I keep modifying my agenda, and I’ve stayed flexible. I’ve assented to 19 jobs so far, of which four didn’t fall through and one is pending.
And I had a great time at all four jobs.
This upcoming placement, if it works, has changed and morphed. Clinics in towns with exotic names requested a locum tenens (substitute) doctor, then changed their minds. Other facilities, where I’d like to work, want me but bureaucratic rules could not be circumvented. In the meantime, I corresponded with the recruiter over and over. I searched Wikipedia and Googlemaps and Weather.com. One recruiter left for a different position and another recruiter took her place.

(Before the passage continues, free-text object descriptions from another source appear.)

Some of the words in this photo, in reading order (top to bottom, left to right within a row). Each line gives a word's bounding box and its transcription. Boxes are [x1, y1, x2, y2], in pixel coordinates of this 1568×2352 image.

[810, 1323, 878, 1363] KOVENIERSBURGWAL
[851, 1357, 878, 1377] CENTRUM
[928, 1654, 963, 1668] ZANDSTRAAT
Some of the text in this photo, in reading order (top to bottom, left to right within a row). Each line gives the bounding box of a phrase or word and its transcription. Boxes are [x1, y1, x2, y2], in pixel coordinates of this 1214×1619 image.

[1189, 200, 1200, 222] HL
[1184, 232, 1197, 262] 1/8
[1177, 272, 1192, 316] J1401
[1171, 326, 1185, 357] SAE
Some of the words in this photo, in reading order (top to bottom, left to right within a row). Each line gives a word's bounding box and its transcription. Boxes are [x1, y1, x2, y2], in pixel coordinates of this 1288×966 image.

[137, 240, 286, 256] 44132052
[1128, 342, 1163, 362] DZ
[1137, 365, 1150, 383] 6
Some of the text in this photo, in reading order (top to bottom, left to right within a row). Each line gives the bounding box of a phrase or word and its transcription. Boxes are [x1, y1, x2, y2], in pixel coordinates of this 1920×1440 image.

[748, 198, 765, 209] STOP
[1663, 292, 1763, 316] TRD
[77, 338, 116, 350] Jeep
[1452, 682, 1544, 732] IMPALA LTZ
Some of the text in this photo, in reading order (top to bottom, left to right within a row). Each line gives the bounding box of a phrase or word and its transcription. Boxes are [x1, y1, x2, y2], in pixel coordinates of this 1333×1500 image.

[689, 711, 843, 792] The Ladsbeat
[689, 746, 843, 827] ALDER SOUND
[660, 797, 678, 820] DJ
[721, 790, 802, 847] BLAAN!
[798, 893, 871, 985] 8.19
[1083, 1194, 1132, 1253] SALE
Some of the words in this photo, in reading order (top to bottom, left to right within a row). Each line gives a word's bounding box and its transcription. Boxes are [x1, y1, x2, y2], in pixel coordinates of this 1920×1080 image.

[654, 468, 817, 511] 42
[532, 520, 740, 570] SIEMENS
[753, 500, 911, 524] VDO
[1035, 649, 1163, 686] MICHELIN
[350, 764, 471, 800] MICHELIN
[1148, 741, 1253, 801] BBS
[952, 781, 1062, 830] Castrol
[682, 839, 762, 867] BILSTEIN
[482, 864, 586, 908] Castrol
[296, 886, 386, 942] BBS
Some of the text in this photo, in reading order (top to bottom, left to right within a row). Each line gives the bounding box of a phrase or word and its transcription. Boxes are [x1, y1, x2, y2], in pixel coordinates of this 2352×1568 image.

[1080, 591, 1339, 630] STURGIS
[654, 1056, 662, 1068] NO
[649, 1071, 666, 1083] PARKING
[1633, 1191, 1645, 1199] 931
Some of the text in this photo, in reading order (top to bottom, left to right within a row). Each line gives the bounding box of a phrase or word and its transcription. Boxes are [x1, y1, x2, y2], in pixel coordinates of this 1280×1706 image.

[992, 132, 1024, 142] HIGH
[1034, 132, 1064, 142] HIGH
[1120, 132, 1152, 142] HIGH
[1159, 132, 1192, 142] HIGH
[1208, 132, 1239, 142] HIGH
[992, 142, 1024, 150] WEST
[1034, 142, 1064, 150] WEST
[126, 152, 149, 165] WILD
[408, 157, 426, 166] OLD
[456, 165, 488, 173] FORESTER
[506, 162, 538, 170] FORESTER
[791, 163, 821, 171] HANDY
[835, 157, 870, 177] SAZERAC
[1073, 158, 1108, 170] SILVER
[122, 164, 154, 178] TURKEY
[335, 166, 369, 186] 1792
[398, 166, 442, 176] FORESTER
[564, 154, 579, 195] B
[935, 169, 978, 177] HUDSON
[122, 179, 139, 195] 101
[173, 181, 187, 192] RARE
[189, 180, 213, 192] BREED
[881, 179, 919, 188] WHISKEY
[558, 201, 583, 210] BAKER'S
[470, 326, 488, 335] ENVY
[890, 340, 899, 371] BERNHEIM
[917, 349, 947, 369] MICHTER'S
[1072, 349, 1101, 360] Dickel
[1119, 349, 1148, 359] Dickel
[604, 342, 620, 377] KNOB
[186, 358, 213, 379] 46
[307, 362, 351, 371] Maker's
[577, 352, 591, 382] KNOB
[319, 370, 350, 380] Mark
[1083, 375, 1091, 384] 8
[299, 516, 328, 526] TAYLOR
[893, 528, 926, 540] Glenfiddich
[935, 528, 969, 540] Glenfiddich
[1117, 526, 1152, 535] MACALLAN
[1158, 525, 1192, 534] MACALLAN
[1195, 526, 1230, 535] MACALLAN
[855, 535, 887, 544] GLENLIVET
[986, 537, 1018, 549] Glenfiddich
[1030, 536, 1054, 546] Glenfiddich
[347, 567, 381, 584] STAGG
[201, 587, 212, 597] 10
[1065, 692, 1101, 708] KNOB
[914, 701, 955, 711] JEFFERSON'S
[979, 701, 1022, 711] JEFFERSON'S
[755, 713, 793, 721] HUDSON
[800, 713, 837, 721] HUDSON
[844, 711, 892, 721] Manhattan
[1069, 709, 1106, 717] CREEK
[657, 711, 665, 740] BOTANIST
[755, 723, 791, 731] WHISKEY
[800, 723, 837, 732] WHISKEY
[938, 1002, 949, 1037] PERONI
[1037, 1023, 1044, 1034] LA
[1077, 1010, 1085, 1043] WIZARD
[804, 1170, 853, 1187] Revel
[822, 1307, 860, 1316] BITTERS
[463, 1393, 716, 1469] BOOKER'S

When we thought things were set, and that I’d for sure have work, I sent off to my licensing boards to send Certificates of Good Standing to the country’s licensing body and we booked tickets.
Today I got an email titled Change of Plans.
I called the recruiter and turned on the phone’s speaker.
The proposed first placement wasn’t going to work out. How about something else?
I grinned, but I watched Bethany’s smile fall from her face as we listened to details. A different climate, and instead of pastoral farm country, we’d be on the beach. One central hub facility and six outlying clinics. Temperatures slightly warmer. Excellent fishing, but marginal hunting. I remained enthusiastic.
In the last year I’ve learned to keep myself flexible when it comes to future plans, though I can’t deny the emotional rollercoaster ride from making plans and having them change.
When we hung up I was still smiling. “It’s all good,” I said. “Worst comes to worst, we’ll end up having a vacation till we’re tired of vacation, then we’ll come home and I’ll find something else.”
“I want some of what you’re taking,” Bethany said.
I handed her some chocolate chips. “Take two of these,” I said, “You’ll feel better.”